American military officer and engineer (1860–1935)

Major General William Luther Sibert (October 12, 1860 – October 16, 1935) was a senior United States Army officer who commanded the 1st Division on the Western Front during World War I. Sibert was the first division commander of the "Big Red One," leading the 1st Infantry from June 1917 to January 1918.

Sibert's career was spent primarily with the Engineers. When he left command of the 1st Division, he was appointed to lead the new Chemical Warfare Service. After retiring as a major general in 1920, Sibert oversaw a project modernizing the docks and waterways in Mobile, Alabama, and served on the presidential commission that led to the construction of Hoover Dam. He died in Bowling Green, Kentucky on 16 October 1935. Sibert was buried at Arlington National Cemetery.

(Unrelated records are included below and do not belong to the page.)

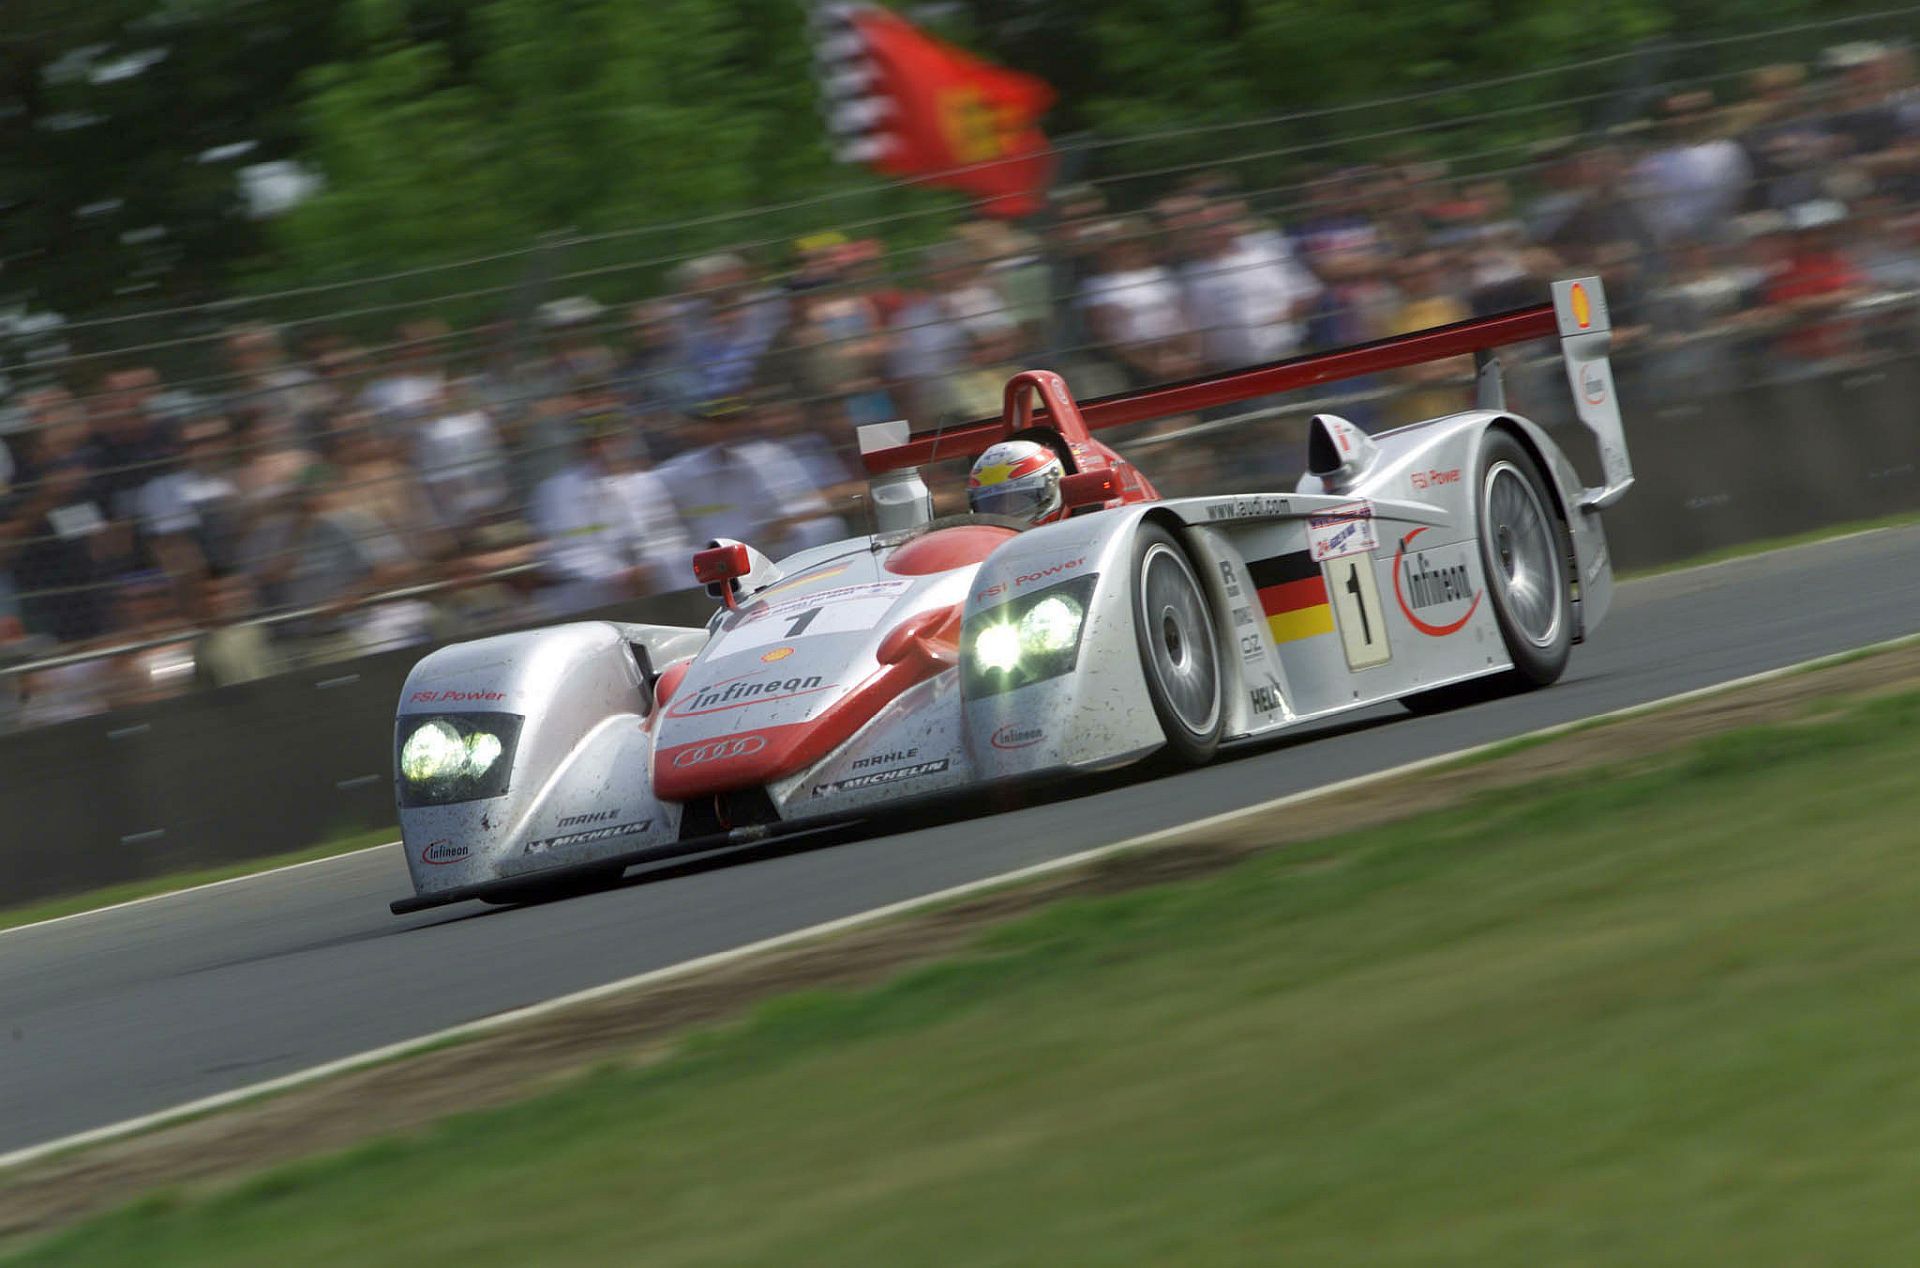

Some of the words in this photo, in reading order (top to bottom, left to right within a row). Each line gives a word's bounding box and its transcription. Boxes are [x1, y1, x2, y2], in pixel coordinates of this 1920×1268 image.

[1205, 497, 1291, 520] www.audi.com
[1014, 556, 1087, 587] Power
[1346, 562, 1373, 646] 1
[784, 606, 824, 638] 1
[410, 691, 439, 702] FSI
[443, 689, 507, 702] Power
[852, 748, 919, 770] MAHLE
[843, 760, 945, 789] MICHELIN
[557, 808, 621, 828] MAHLE
[550, 820, 648, 848] MICHELIN

==Early life and education ==
Sibert was born in Gadsden, Alabama, on October 12, 1860, the son of Confederate veteran William J. Sibert and Marietta (Ward) Sibert. He attended the public schools of Gadsden and worked in several enterprises started by his father, including a farm, hotel, and store. He attended the University of Alabama from 1878 to 1880, when he obtained an appointment to the United States Military Academy from Congressman William H. Forney. He graduated in 1884 ranked seventh of 37, and his high class standing earned him a second lieutenant's commission in the branch preferred by most high-ranking graduates, the Corps of Engineers.

==Early career ==
From September 1884 to July 1887, Sibert attended the Engineer School of Application and served with the Battalion of Engineers at Willets Point, New York. He then served as assistant engineer to Amos Stickney (July 1887 to April 1888) and Daniel Lockwood 9 (April to November 1888) during planning for construction of the Cincinnati–Newport Bridge between Cincinnati, Ohio and Newport, Kentucky, and the Big Four Bridge between Louisville, Kentucky and Jeffersonville, Indiana. He was secretary of the board of officers that planned the Cincinnati–Newport Bridge, and a member of the board that planned the second. Sibert was promoted to first lieutenant in April 1888.

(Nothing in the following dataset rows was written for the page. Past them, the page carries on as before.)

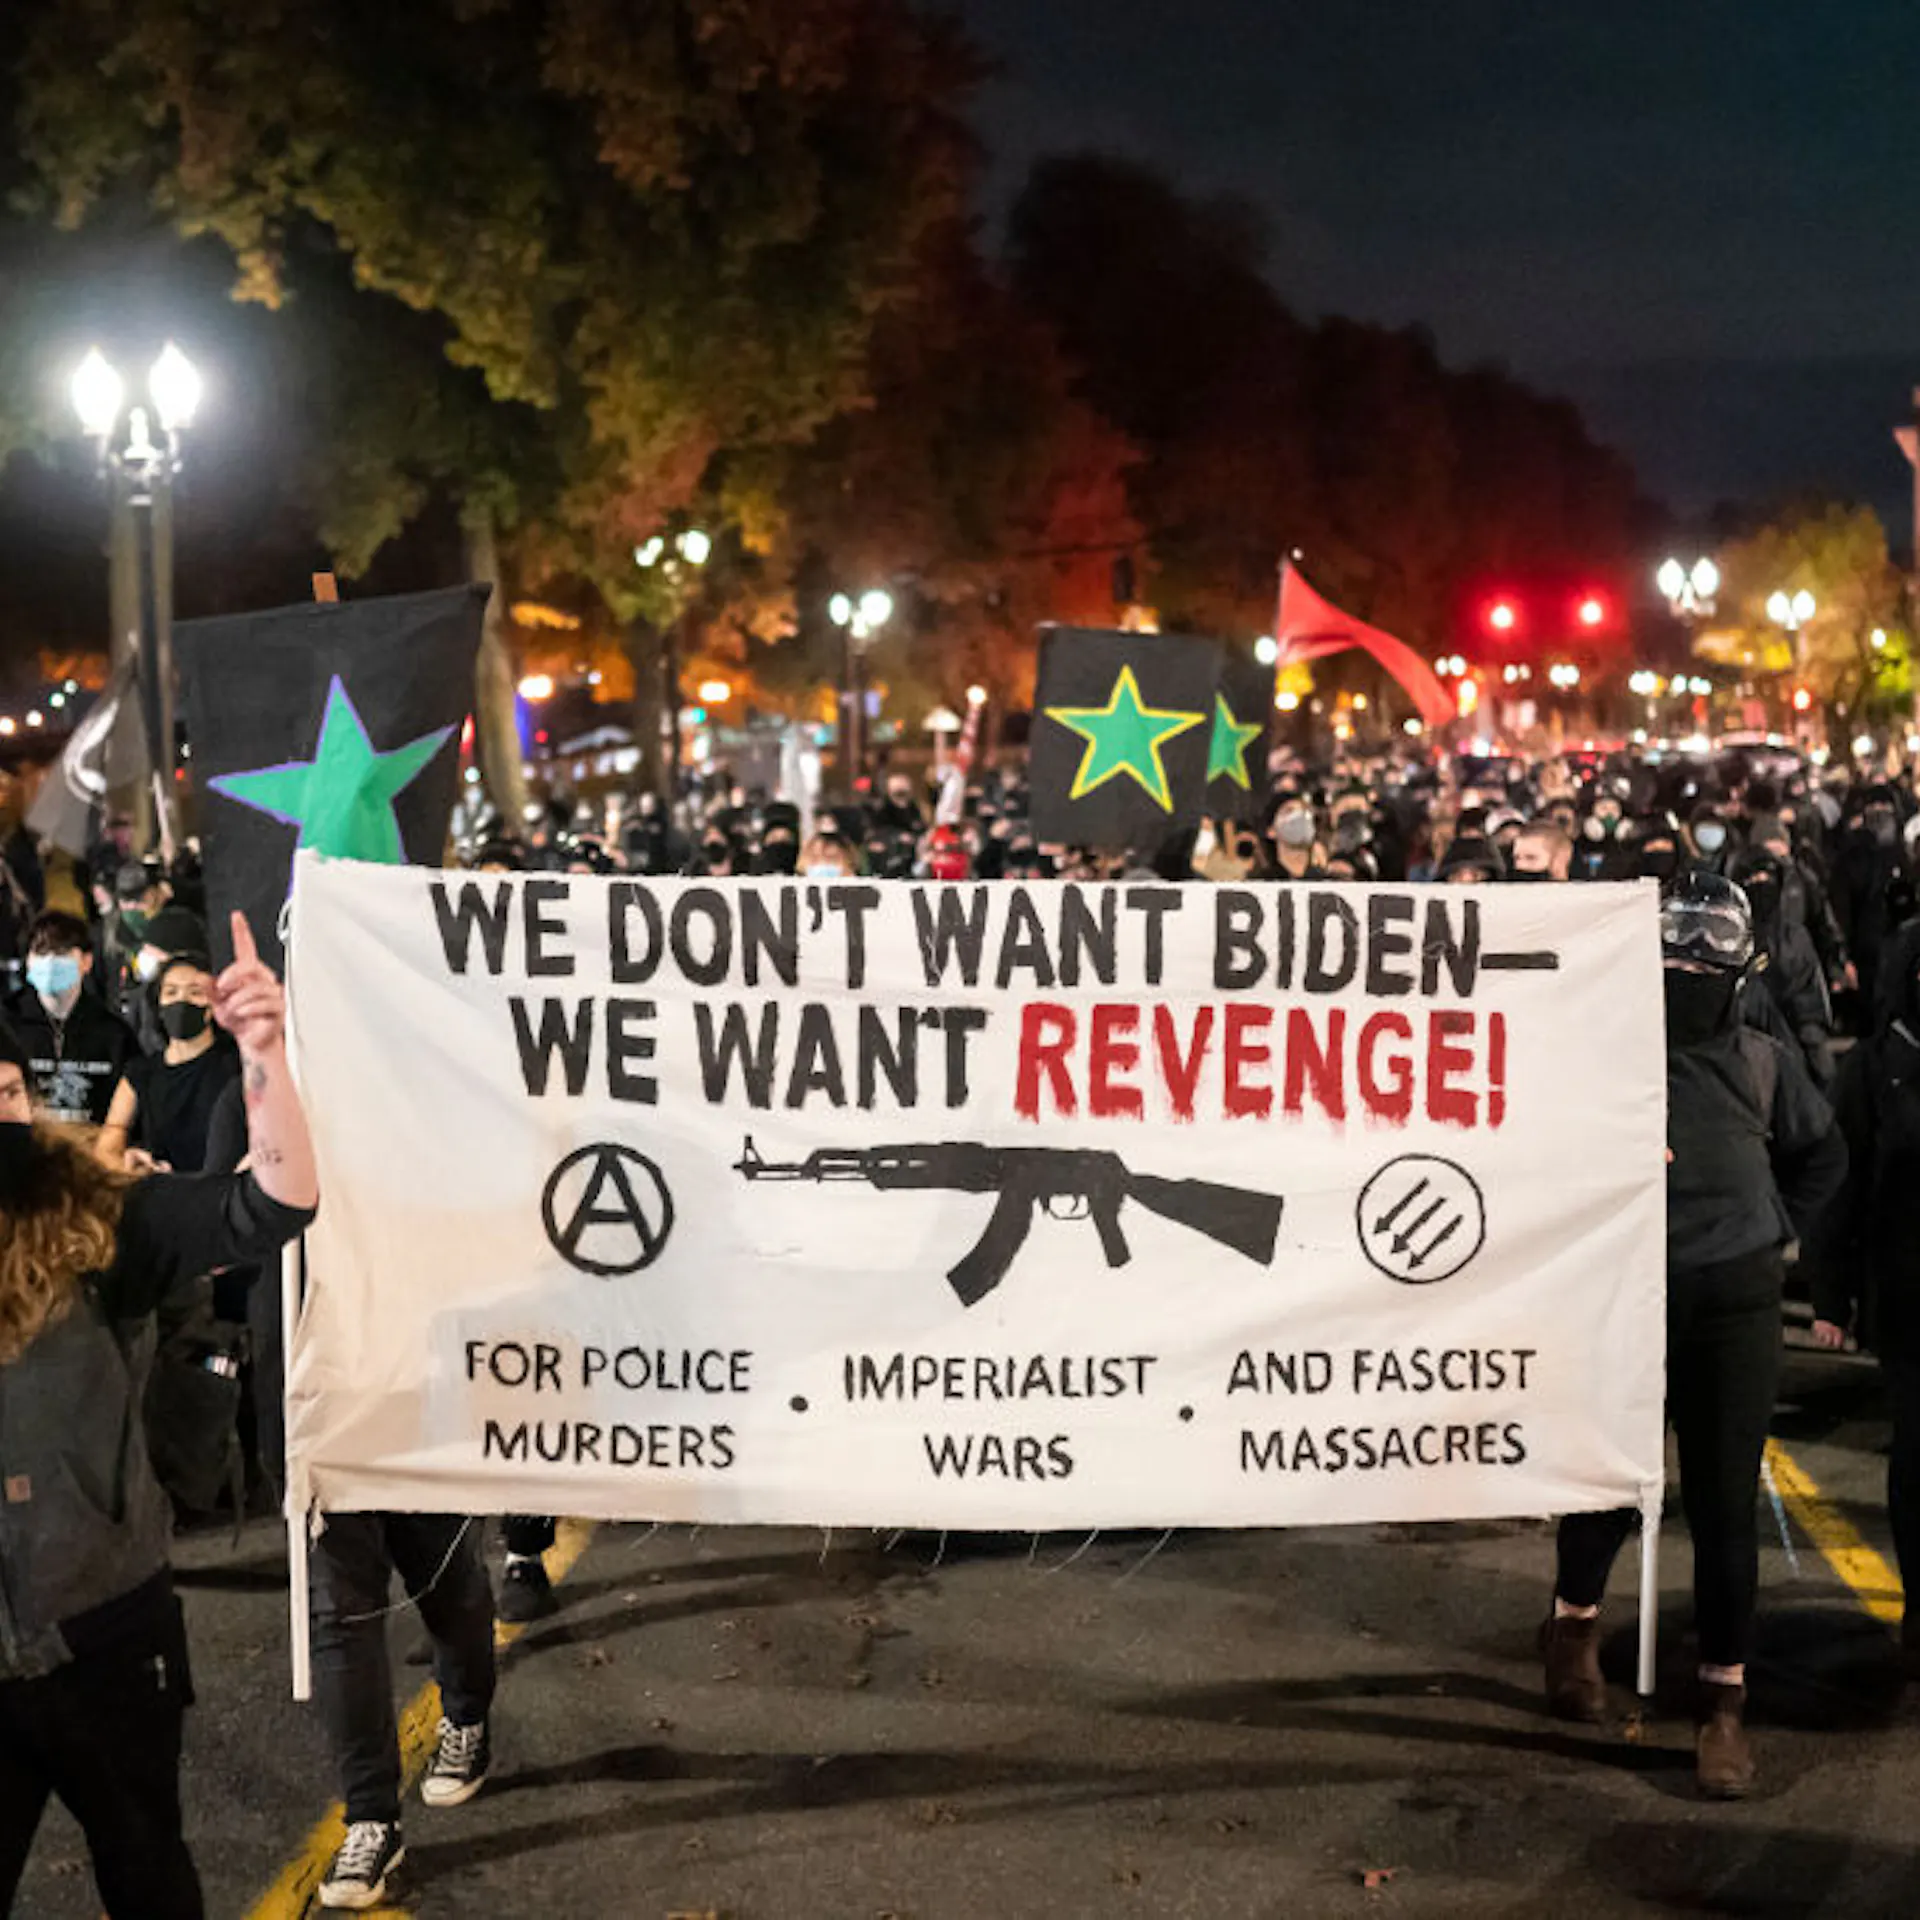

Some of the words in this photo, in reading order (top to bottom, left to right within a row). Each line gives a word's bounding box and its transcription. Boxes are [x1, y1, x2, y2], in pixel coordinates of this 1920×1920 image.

[429, 880, 575, 977] WE
[608, 884, 881, 989] DON'T
[911, 884, 1183, 989] WANT
[507, 996, 659, 1106] WE
[692, 1000, 989, 1111] WANT
[1013, 1002, 1507, 1129] REVENGE!
[465, 1340, 562, 1393] FOR
[582, 1345, 753, 1393] POLICE
[843, 1353, 1158, 1401] IMPERIALIST
[1226, 1349, 1333, 1396] AND
[1352, 1348, 1538, 1395] FASCIST
[482, 1419, 736, 1469] MURDERS
[922, 1434, 1075, 1481] WARS
[1239, 1421, 1528, 1474] MASSACRES

From June to November 1888, Sibert was a member of the Engineer officer board that planned a bridge across the Green River near Henderson, Kentucky. Between December 1888 and August 1892, he was based in Bowling Green, Kentucky while he supervised navigation improvements on the Green and Barren rivers. From August 1892 to August 1894, he was assistant to Orlando Metcalfe Poe and supervised local construction of a portion of the channel near Detroit that connects the Great Lakes. From August 1894 to September 1898, Sibert commanded the Little Rock, Arkansas River and Harbor District, and he was promoted to captain in March 1896. During the early part of the Spanish–American War in May 1898, Sibert's activities included directing relief efforts and making inspection tours during the state and federal response to massive flooding of the Arkansas River, as well assisting with the equipping and training of the 1st Arkansas Volunteer Infantry Regiment. Arkansas fielded two volunteer regiments; when a third was proposed, several political and civic leaders suggested Sibert to command it as a colonel of United States Volunteers. The war ended before the third regiment could be raised, so the recommendation to appoint Sibert as commander became moot.

==Continued career==
In September 1898, Sibert returned to Willets Point, where he was assigned as commander of Company B, Battalion of Engineers and instructor in Civil Engineering at the Engineer School of Application. In July 1899, he traveled with Company B to Manila for service during the Philippine–American War. In the Philippines, he was attached to the staff of the 8th Army Corps as chief engineer, and he subsequently served as chief engineer and general manager of the Manila and Dagupan Railroad. During his Philippines service, Sibert commanded a Battalion of Engineers assigned to the Department of the Pacific from September 1899 to March 1900 and a Battalion of Engineers assigned to the 8th Army Corps from September 1899 to April 1900.

Sibert returned to the United States in April 1900 and was assigned to command the Louisville River and Harbor District. In December 1901, he left Kentucky to assume command of the Pittsburgh River and Harbor District, where he served until March 1907. Sibert was promoted to major in April 1904. From March 1907 to May 1914, Sibert was a member of the Panama Canal Commission and commander of the canal's Atlantic division, and was responsible for the building of a number of critical parts of the Panama Canal, including the Gatun Locks and Dam, the West Breakwater in Colon, and the channel from Gatun Lake to the Pacific Ocean. He was promoted to lieutenant colonel in September 1909.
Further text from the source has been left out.